INSTRUCTIONS TO FOLLOW => Transcribe all of the data exactly. Images stay out.

[Collected data entries]
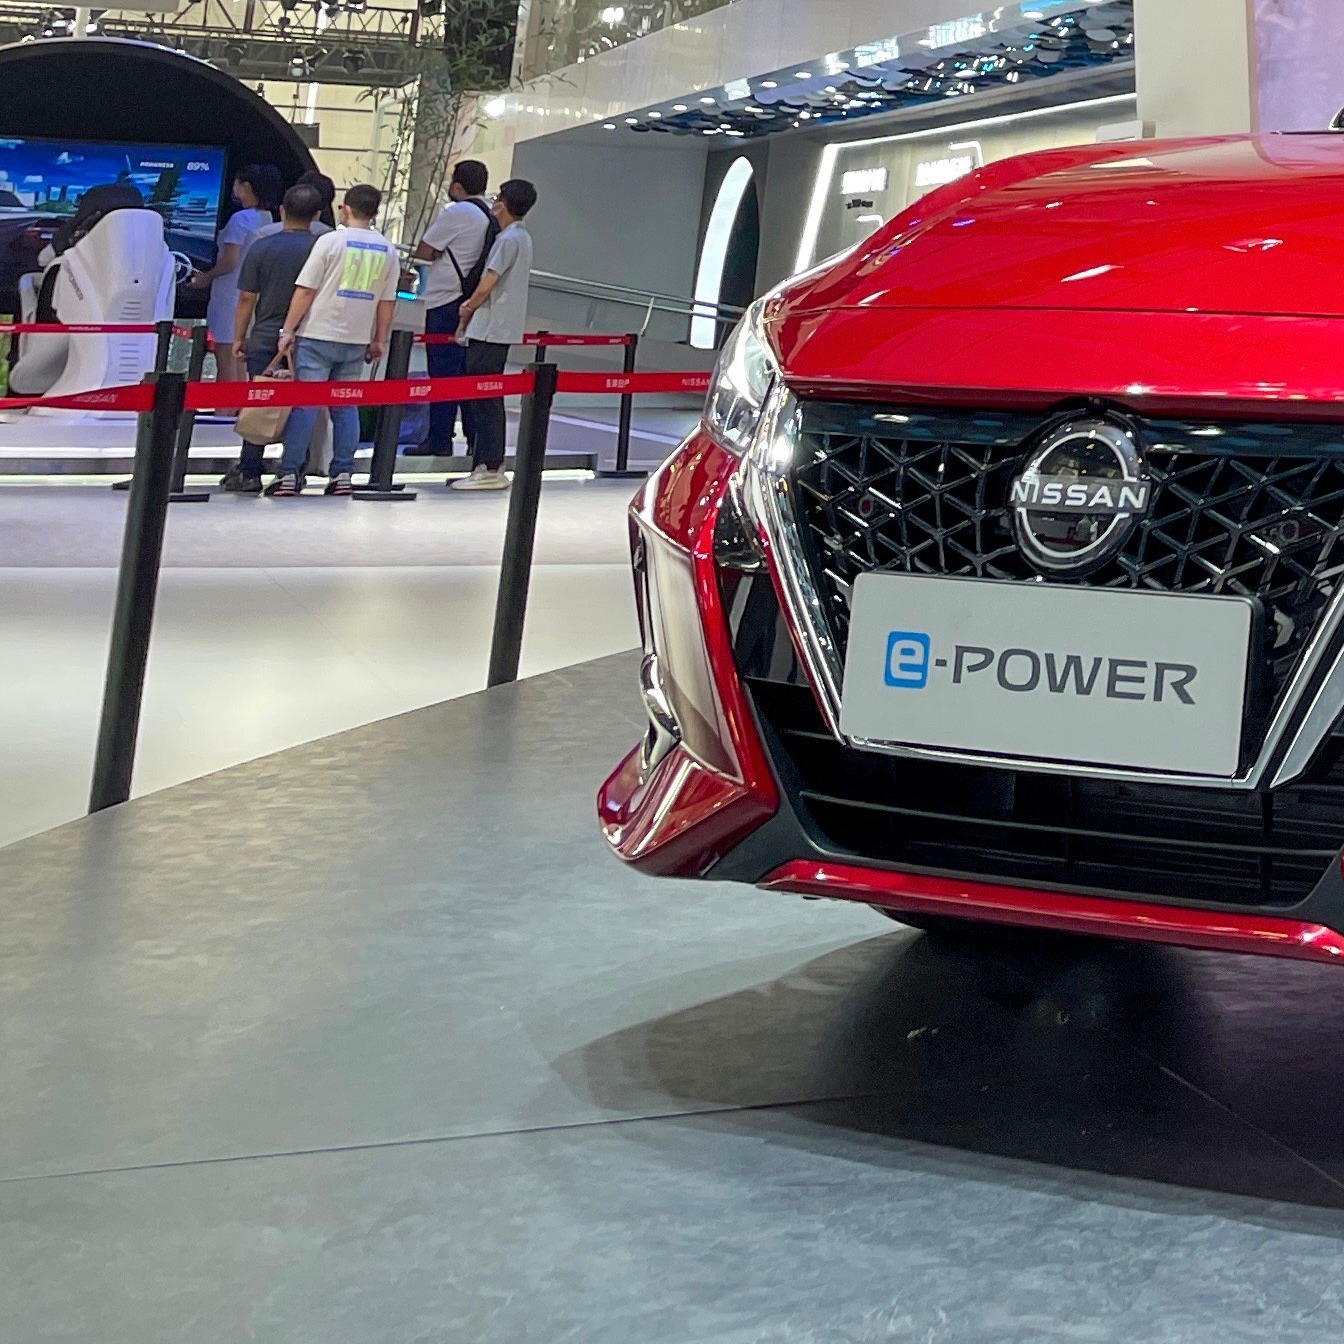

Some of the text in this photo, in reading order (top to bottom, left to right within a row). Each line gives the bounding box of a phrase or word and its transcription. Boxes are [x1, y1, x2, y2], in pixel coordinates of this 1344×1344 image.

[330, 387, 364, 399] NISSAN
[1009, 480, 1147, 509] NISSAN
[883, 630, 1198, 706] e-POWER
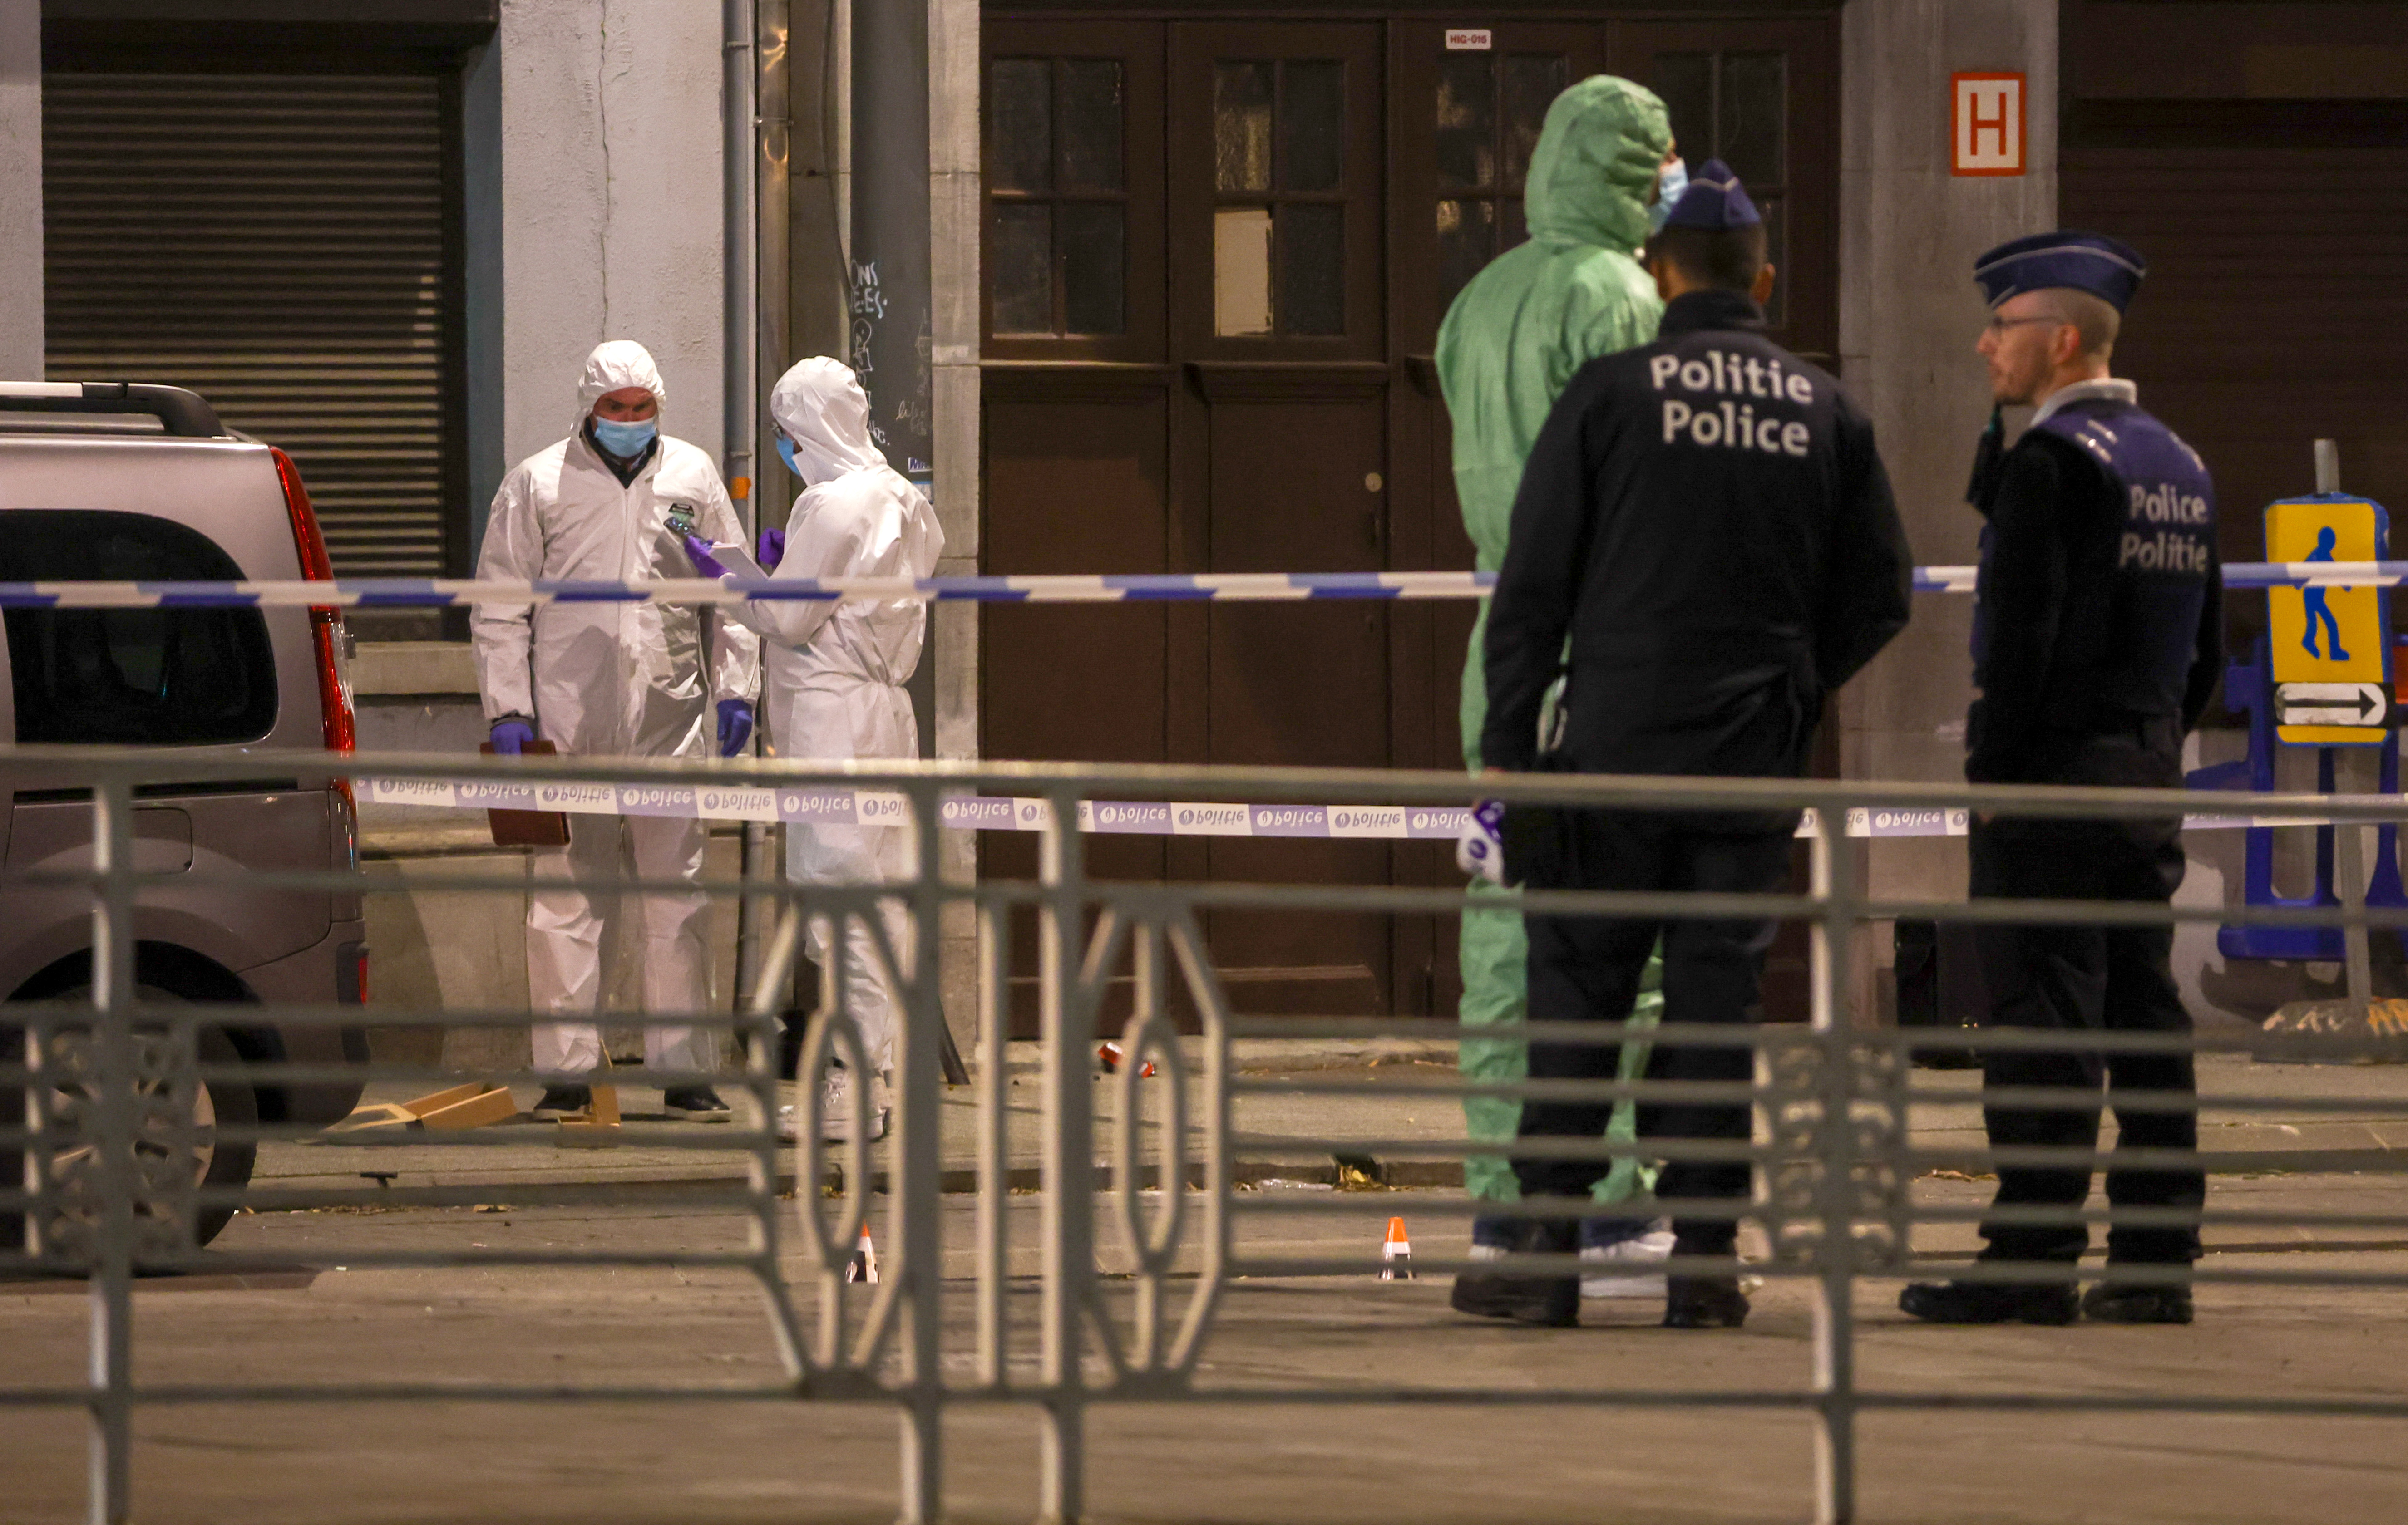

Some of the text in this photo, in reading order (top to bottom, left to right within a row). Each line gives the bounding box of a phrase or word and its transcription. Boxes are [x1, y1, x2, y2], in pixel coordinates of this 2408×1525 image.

EXERCISE RESULT =>
Some of the text in this photo, in reading order (top to bottom, left to right within a row). Each line gives the bounding box of a phrase or word and its transcription. Boxes are [x1, y1, x2, y2], in pixel coordinates of this 1344×1344 image.

[330, 387, 364, 399] NISSAN
[1009, 480, 1147, 509] NISSAN
[883, 630, 1198, 706] e-POWER

Some of the text in this photo, in reading order (top to bottom, left to right within a row). Each line gives the bounding box of a phrase or word and its transcription. Boxes are [x1, y1, x2, y2], in pixel coordinates of this 2408×1525 image.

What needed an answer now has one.